Rien n’est plus agréable que de se perdre dans une ville aussi cosmopolite que Toronto. Surtout lorsqu’on a la chance d’être en vacances. L’expérience s’apparente à la méditation; le vide s’installe, c’est la vacance. Chaque ruelle mène à un autre endroit du monde, rempli d’odeurs et de bruits étrangers — ici le bruit du percolateur, les voix qui devisent nonchalamment, je suis assise là, seule et personne ne s’occupe de moi: la perfection.









(le 17 août 2007 à 11h05)
L’illusion de pouvoir vivre seul(e) fait du bien de temps en temps.
(le 17 août 2007 à 11h18)
(PS : Je me demandais ces derniers jours, combien de temps encore, « on » allait rester à Toronto, par miracle, avec ce beau « o » infini !

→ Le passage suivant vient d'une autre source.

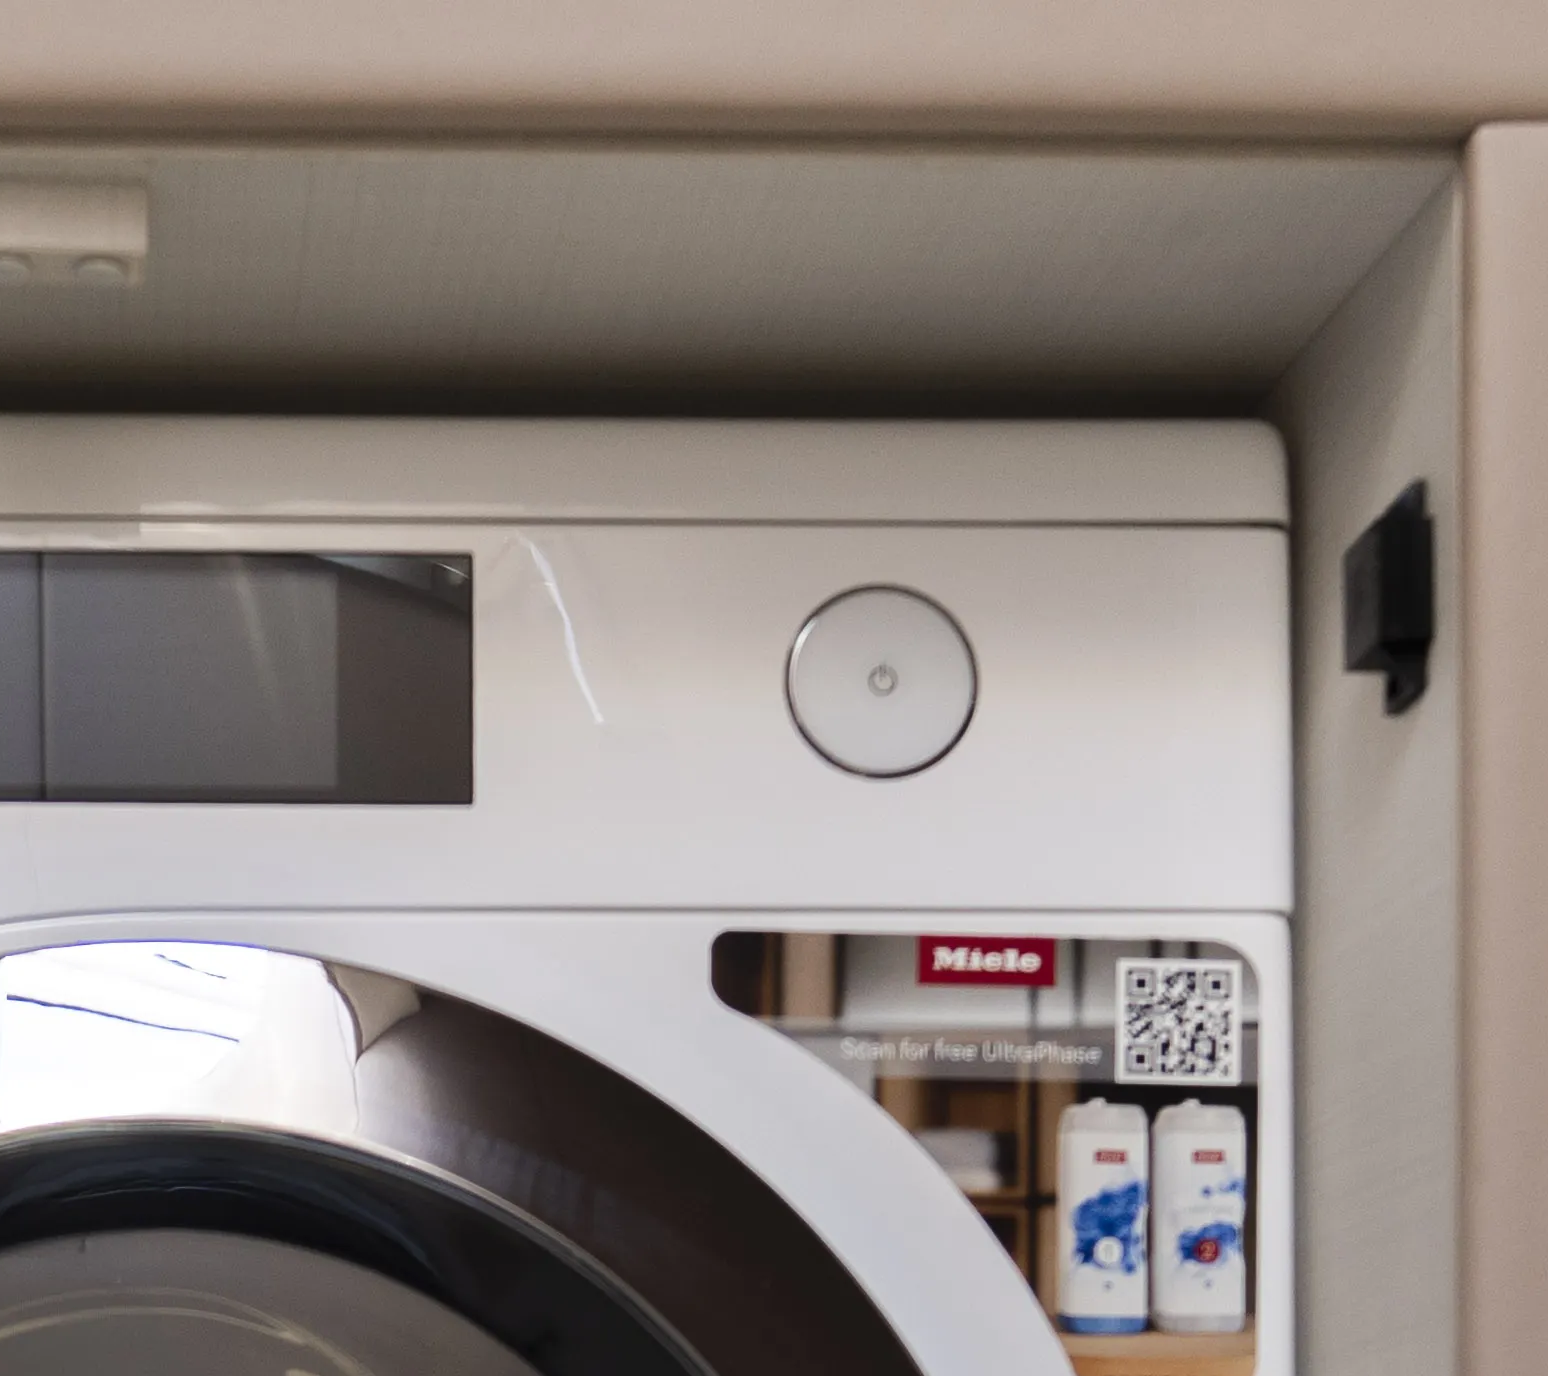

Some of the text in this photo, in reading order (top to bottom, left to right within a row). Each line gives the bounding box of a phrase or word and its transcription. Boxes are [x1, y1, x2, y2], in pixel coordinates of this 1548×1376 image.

[932, 946, 1042, 973] Miele
[840, 1036, 1103, 1065] Scan for free UltraPhase
[1200, 1241, 1216, 1260] 2

Comme elle aura été courte, l’éternité ! )
(le 19 août 2007 à 14h10)
Sine nomine vulgus……….Le profane vulgaire d’ Horace ( V.ODI PROFANUM VULGUS), ce
(la foule sans nom) que nous appelons le commun des mortels.
Sit tibi terra levis !……….. Inscription tumulaire, souvent employée.
(Que la terre te soit légère)
(le 16 mai 2010 à 7h32)
Ah mais non, quelle horrible cité ! Un cauchemar.